WHAT TO PRODUCE
Text only, exactly as given: reproduce the entries below without their pictures.

==============================

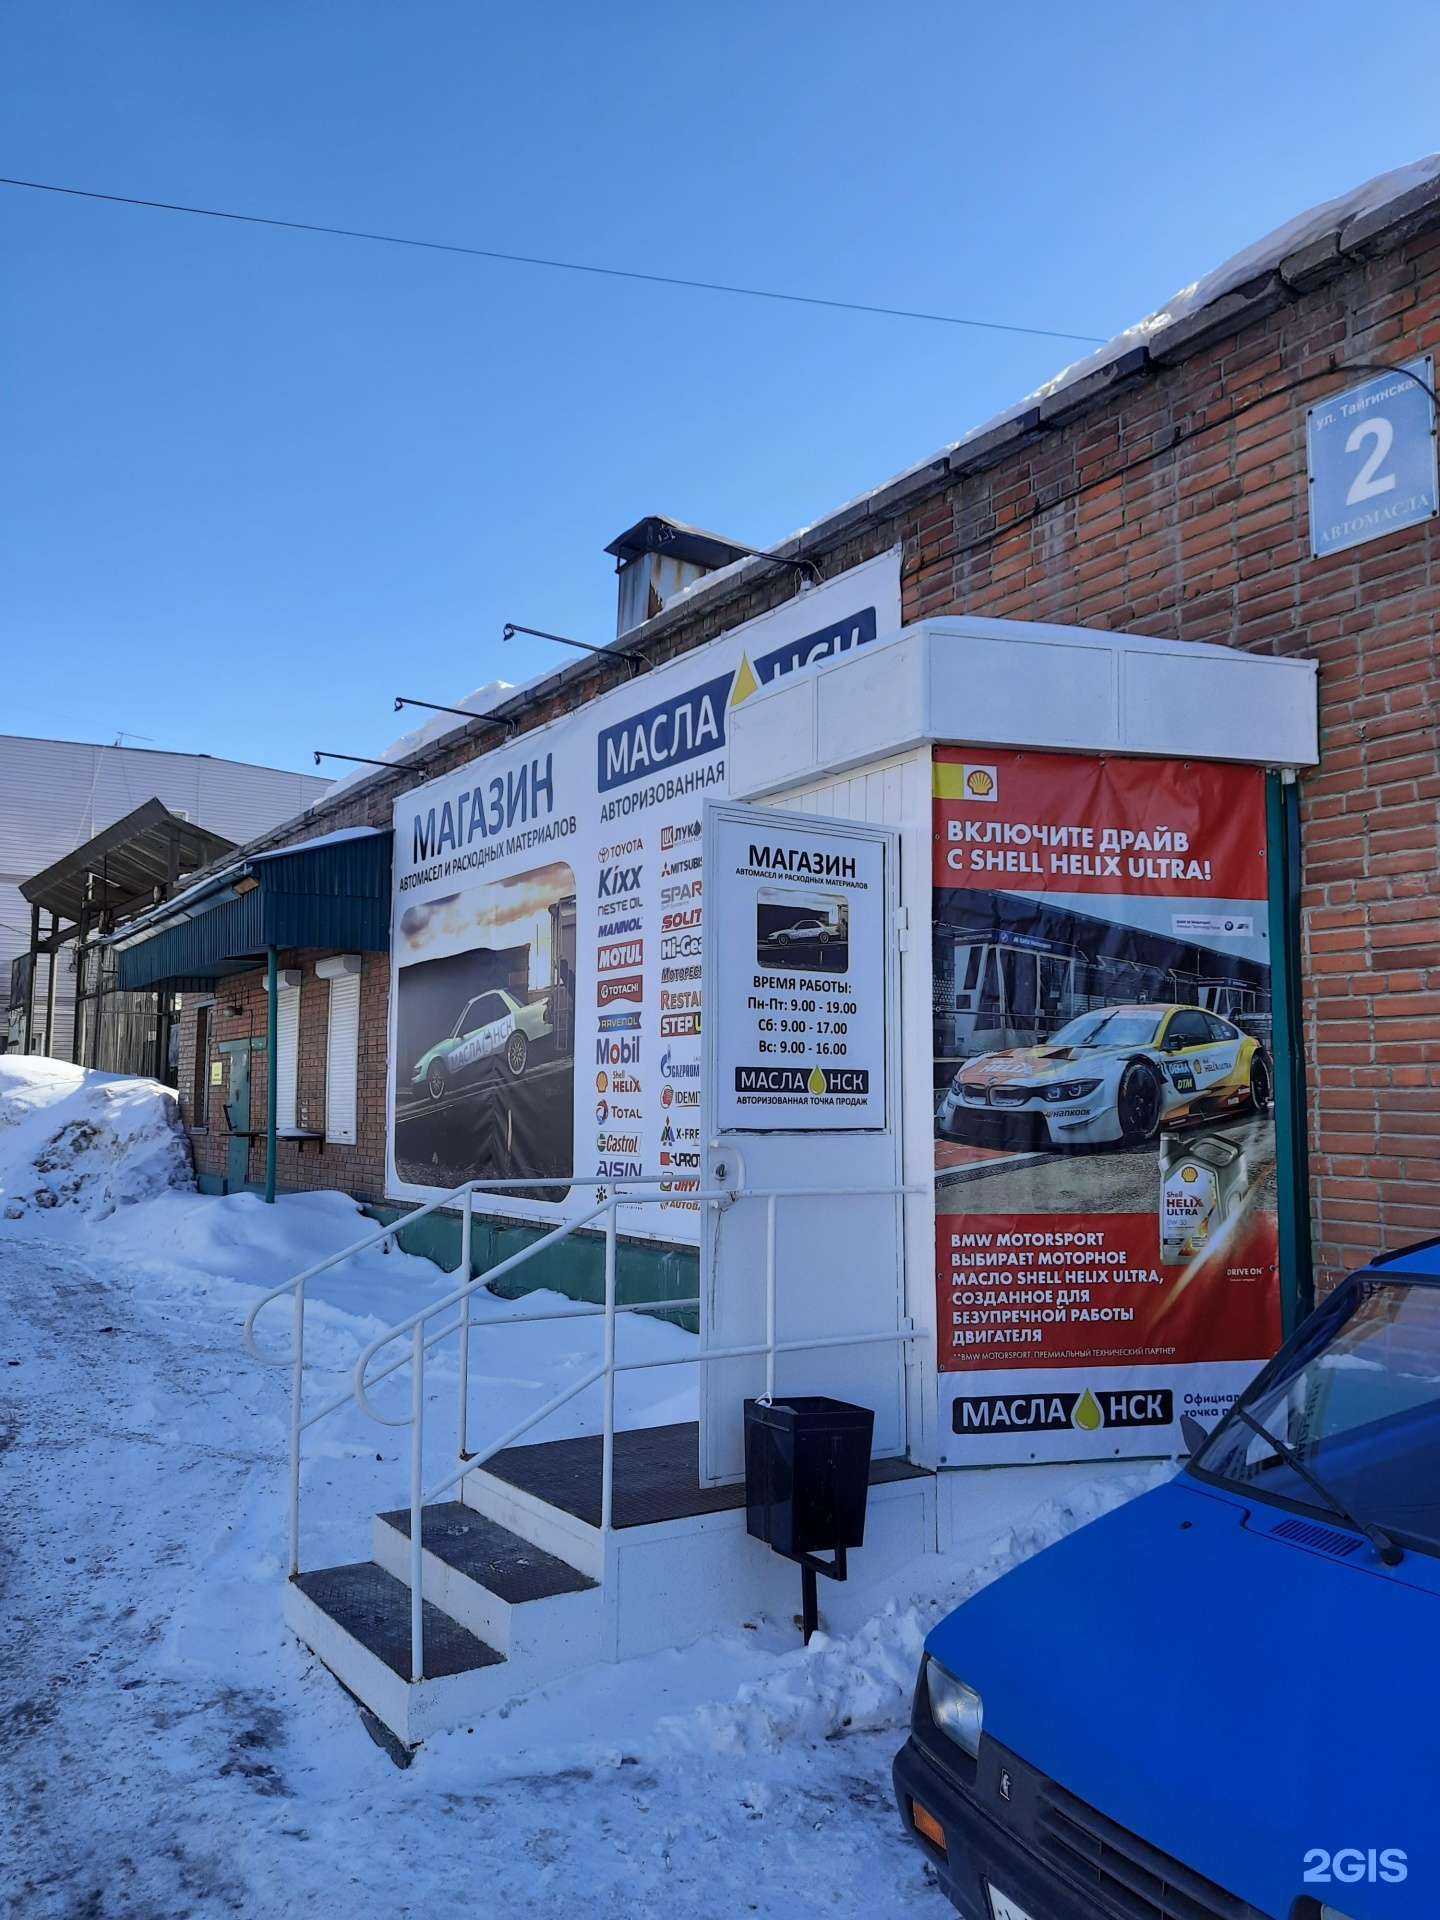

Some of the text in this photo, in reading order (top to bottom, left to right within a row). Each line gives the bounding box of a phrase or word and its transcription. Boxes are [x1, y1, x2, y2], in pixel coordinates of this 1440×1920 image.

[1316, 413, 1337, 432] ул.
[1344, 417, 1396, 506] 2
[1320, 493, 1429, 545] АВТОМАСЛА
[605, 694, 719, 781] МАСЛА
[600, 760, 725, 823] АВТОРИЗОВАННАЯ
[413, 752, 554, 865] МАГАЗИН
[946, 819, 1190, 854] ВКЛЮЧИТЕ ДРАЙВ
[399, 815, 577, 893] АВТОМАСЕЛ И РАСХОДНЫХ МАТЕРИАЛОВ
[610, 837, 644, 858] TOYOTA
[749, 844, 856, 878] МАГАЗИН
[946, 848, 1213, 881] С SHELL HELIX ULTRA!
[735, 867, 777, 879] АВТОМАСЕЛ
[784, 873, 824, 885] РАСХОДНЫХ
[825, 878, 868, 890] МАТЕРИАЛОВ
[629, 896, 644, 911] OIL
[598, 917, 642, 938] MANNOL
[599, 943, 642, 970] MOTUL
[608, 983, 639, 996] TOTACHI
[753, 975, 852, 994] ВРЕМЯ РАБОТЫ:
[747, 997, 788, 1011] Пн-Пт:
[790, 999, 816, 1012] 9.00
[826, 1001, 857, 1014] 19.00
[601, 1016, 638, 1029] RAVENOL
[662, 1015, 694, 1034] STEP
[758, 1018, 777, 1031] Сб:
[780, 1019, 806, 1033] 9.00
[816, 1021, 848, 1035] 17.00
[450, 1036, 482, 1068] МАСЛА
[596, 1035, 640, 1065] Mobil
[758, 1040, 777, 1053] Вс:
[779, 1040, 805, 1054] 9.00
[816, 1043, 847, 1056] 16.00
[612, 1070, 625, 1080] Shell
[741, 1071, 864, 1091] МАСЛА НСК
[612, 1080, 642, 1093] HELIX
[736, 1095, 868, 1106] АВТОРИЗОВАННАЯ ТОЧКА ПРОДАЖ
[606, 1134, 638, 1153] Castrol
[596, 1160, 642, 1177] AISIN
[1166, 1198, 1204, 1208] HELIX
[1166, 1208, 1199, 1216] ULTRA
[951, 1232, 1104, 1248] BMW MOTORSPORT
[951, 1251, 1127, 1267] ВЫБИРАЕТ МОТОРНОЕ
[951, 1268, 1164, 1286] МАСЛО SHELL HELIX ULTRA,
[1226, 1268, 1249, 1276] DRIVE
[952, 1290, 1091, 1306] СОЗДАННОЕ ДЛЯ
[952, 1306, 1134, 1326] БЕЗУПРЕЧНОЙ РАБОТЫ
[952, 1329, 1043, 1347] ДВИГАТЕЛЯ
[1034, 1349, 1092, 1359] ПРЕМИАЛЬНЫЙ
[1092, 1347, 1144, 1358] ТЕХНИЧЕСКИЙ
[1144, 1347, 1176, 1356] ПАРТНЕР
[962, 1394, 1164, 1427] МАСЛА НСК
[1184, 1408, 1219, 1417] точка

==============================

SOLUTION FOR THIS PROBLEM
Some of the text in this photo, in reading order (top to bottom, left to right within a row). Each line gives the bounding box of a phrase or word and its transcription. Boxes are [x1, y1, x2, y2], in pixel coordinates of this 1440×1920 image.

[1316, 413, 1337, 432] ул.
[1344, 417, 1396, 506] 2
[1320, 493, 1429, 545] АВТОМАСЛА
[605, 694, 719, 781] МАСЛА
[600, 760, 725, 823] АВТОРИЗОВАННАЯ
[413, 752, 554, 865] МАГАЗИН
[946, 819, 1190, 854] ВКЛЮЧИТЕ ДРАЙВ
[399, 815, 577, 893] АВТОМАСЕЛ И РАСХОДНЫХ МАТЕРИАЛОВ
[610, 837, 644, 858] TOYOTA
[749, 844, 856, 878] МАГАЗИН
[946, 848, 1213, 881] С SHELL HELIX ULTRA!
[735, 867, 777, 879] АВТОМАСЕЛ
[784, 873, 824, 885] РАСХОДНЫХ
[825, 878, 868, 890] МАТЕРИАЛОВ
[629, 896, 644, 911] OIL
[598, 917, 642, 938] MANNOL
[599, 943, 642, 970] MOTUL
[608, 983, 639, 996] TOTACHI
[753, 975, 852, 994] ВРЕМЯ РАБОТЫ:
[747, 997, 788, 1011] Пн-Пт:
[790, 999, 816, 1012] 9.00
[826, 1001, 857, 1014] 19.00
[601, 1016, 638, 1029] RAVENOL
[662, 1015, 694, 1034] STEP
[758, 1018, 777, 1031] Сб:
[780, 1019, 806, 1033] 9.00
[816, 1021, 848, 1035] 17.00
[450, 1036, 482, 1068] МАСЛА
[596, 1035, 640, 1065] Mobil
[758, 1040, 777, 1053] Вс:
[779, 1040, 805, 1054] 9.00
[816, 1043, 847, 1056] 16.00
[612, 1070, 625, 1080] Shell
[741, 1071, 864, 1091] МАСЛА НСК
[612, 1080, 642, 1093] HELIX
[736, 1095, 868, 1106] АВТОРИЗОВАННАЯ ТОЧКА ПРОДАЖ
[606, 1134, 638, 1153] Castrol
[596, 1160, 642, 1177] AISIN
[1166, 1198, 1204, 1208] HELIX
[1166, 1208, 1199, 1216] ULTRA
[951, 1232, 1104, 1248] BMW MOTORSPORT
[951, 1251, 1127, 1267] ВЫБИРАЕТ МОТОРНОЕ
[951, 1268, 1164, 1286] МАСЛО SHELL HELIX ULTRA,
[1226, 1268, 1249, 1276] DRIVE
[952, 1290, 1091, 1306] СОЗДАННОЕ ДЛЯ
[952, 1306, 1134, 1326] БЕЗУПРЕЧНОЙ РАБОТЫ
[952, 1329, 1043, 1347] ДВИГАТЕЛЯ
[1034, 1349, 1092, 1359] ПРЕМИАЛЬНЫЙ
[1092, 1347, 1144, 1358] ТЕХНИЧЕСКИЙ
[1144, 1347, 1176, 1356] ПАРТНЕР
[962, 1394, 1164, 1427] МАСЛА НСК
[1184, 1408, 1219, 1417] точка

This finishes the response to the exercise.